The odds are slim, but enough to change the entire way parents approach sports. Parents want their kids to avoid trouble with the law and dream bigger than they ever could. 

Sometimes, in a parent’s personal struggle to justify their own worthiness, they put all of their energies into making sure that their child succeeds, particularly in the world of youth sports, where victory is some sort of indication of personal value.

Or at least that is the system and precedent that adults have in place for kids. It is the athletic climate, one filled with helicopter parents and disgruntled families and dinner discussions that turn heated as the years pass and the five-year old kid who played ball because it was fun becomes a 17-year-old kid with more pressure to get a scholarship.

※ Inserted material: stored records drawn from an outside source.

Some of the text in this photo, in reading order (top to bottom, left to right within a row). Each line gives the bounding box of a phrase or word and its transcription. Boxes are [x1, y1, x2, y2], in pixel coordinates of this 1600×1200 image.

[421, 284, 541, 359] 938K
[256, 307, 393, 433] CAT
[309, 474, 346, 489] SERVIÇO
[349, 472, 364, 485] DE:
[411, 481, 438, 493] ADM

The parents parade their kid around like high-priced merchandise in a showroom, and act as if their kid just discovered the cure for cancer or found Jimmy Hoffa’s body in their backyard or something. Parents push and push and become an unnecessary part of the competition, eventually becoming too big a part of the sad show.

When Giants All-Pro safety Landon Collins, who hails from New Orleans, chose Alabama over his mom's choice of LSU, she was visibly distraught and her demonstrative objections to her son's choice definitely stole some of his happiness in that moment I'm sure. 

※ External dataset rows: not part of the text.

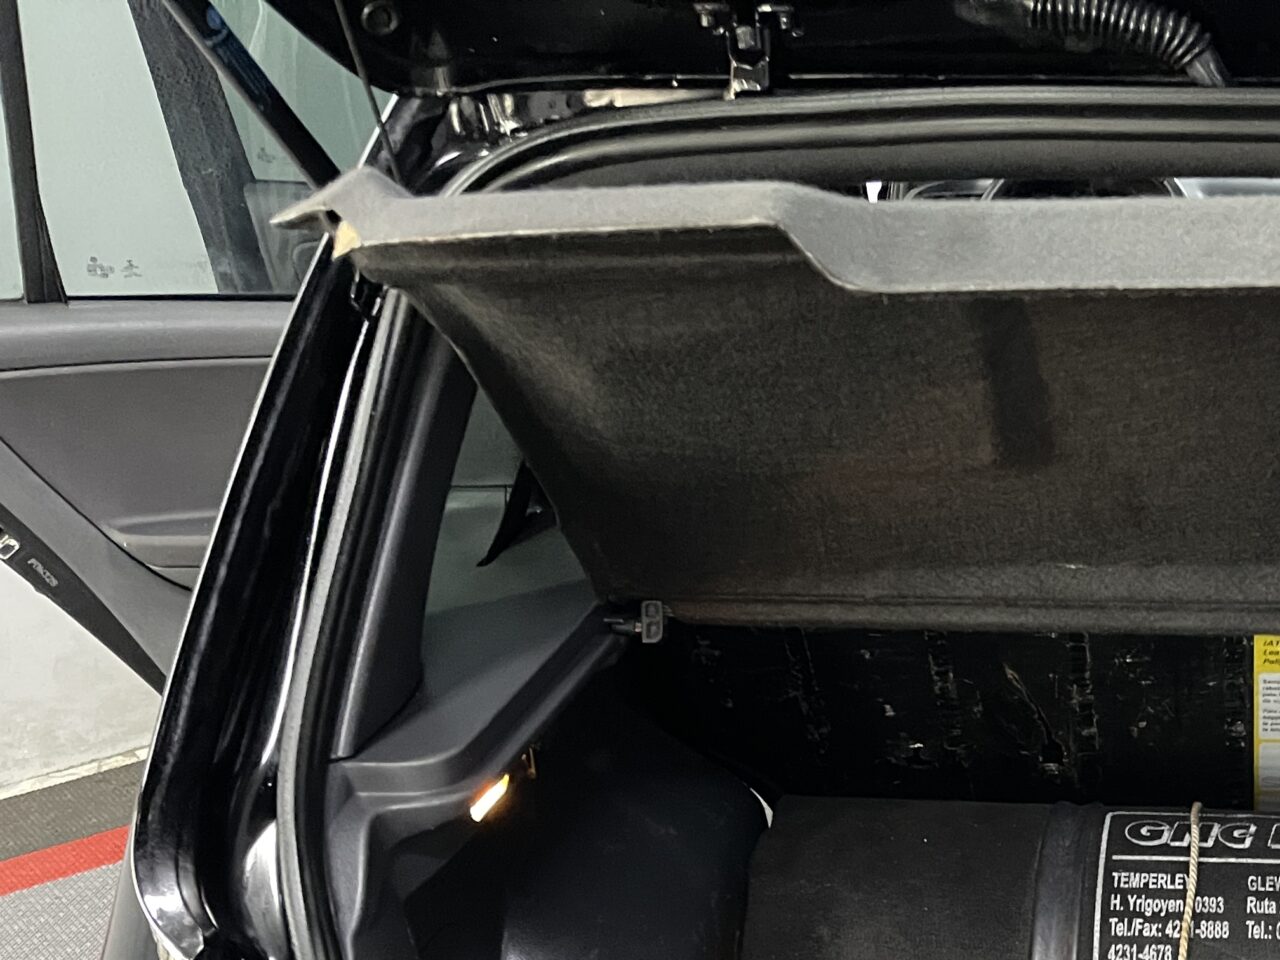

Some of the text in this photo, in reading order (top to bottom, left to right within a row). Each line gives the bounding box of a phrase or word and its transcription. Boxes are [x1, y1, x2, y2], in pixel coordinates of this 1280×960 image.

[1124, 820, 1257, 850] GNC
[1110, 894, 1225, 917] H. Yrigoyen 0393
[1246, 896, 1277, 914] Ruta
[1108, 918, 1230, 939] Tel./Fax: 421-8888
[1245, 920, 1272, 940] Tel.:
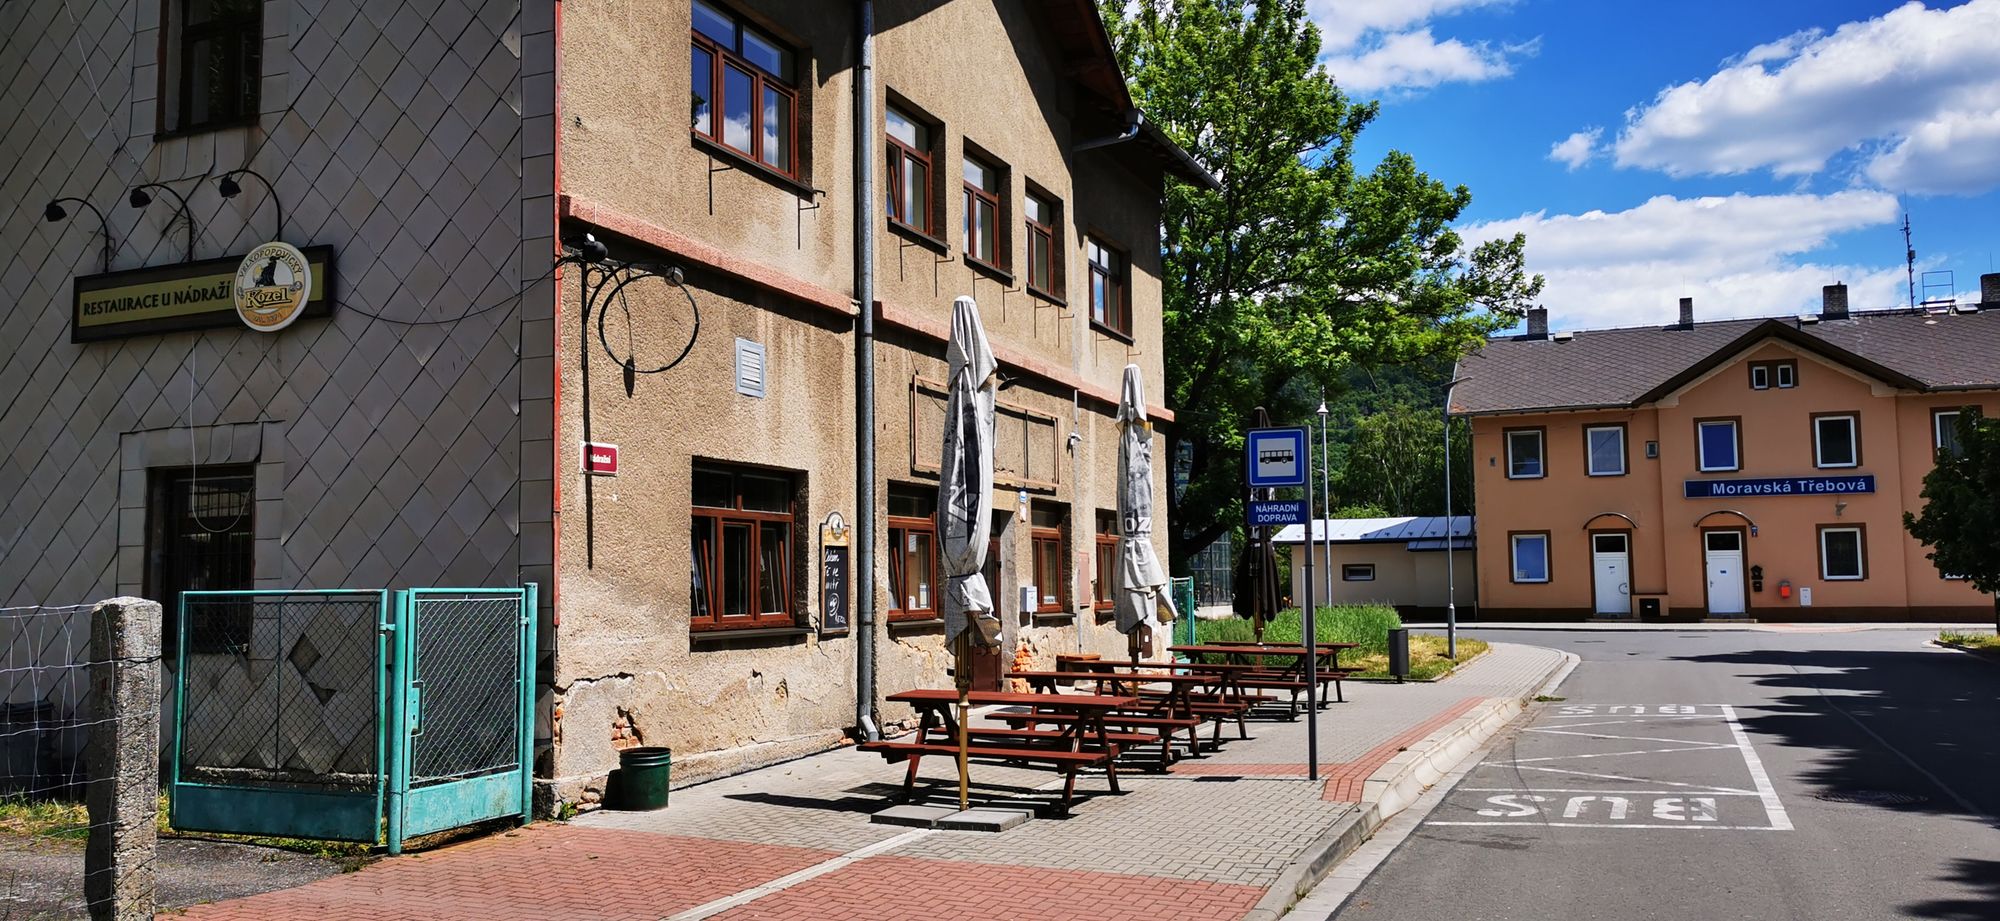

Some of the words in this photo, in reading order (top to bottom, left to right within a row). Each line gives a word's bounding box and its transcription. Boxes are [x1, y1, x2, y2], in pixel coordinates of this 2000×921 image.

[83, 295, 159, 316] RESTAURACE
[161, 294, 171, 306] U
[173, 280, 231, 305] NÁDRAŽÍ
[246, 287, 293, 309] Kozel
[1712, 481, 1791, 495] Moravská
[1797, 478, 1866, 492] Třebová
[1255, 502, 1300, 513] NÁHRADNÍ
[1257, 514, 1298, 523] DOPRAVA
[1557, 703, 1697, 714] BUS
[1476, 794, 1718, 821] BUS

Lots of these parents need to just chill out. But as their potential gold mine moves up the educational ladder, the possibility of their kid becoming a star or garnering a million dollar contract and becoming the boss of bosses’ in their hometown becomes more of what they see as a reality.

And that’s where the focus from sports as a means of fun and personal enhancement becomes a business and a job. They allow their kids to lose touch with reality and become caught up, a victim of the college machine. It starts to mean more to the parents than the kids.

That’s where the parents drop the ball every time.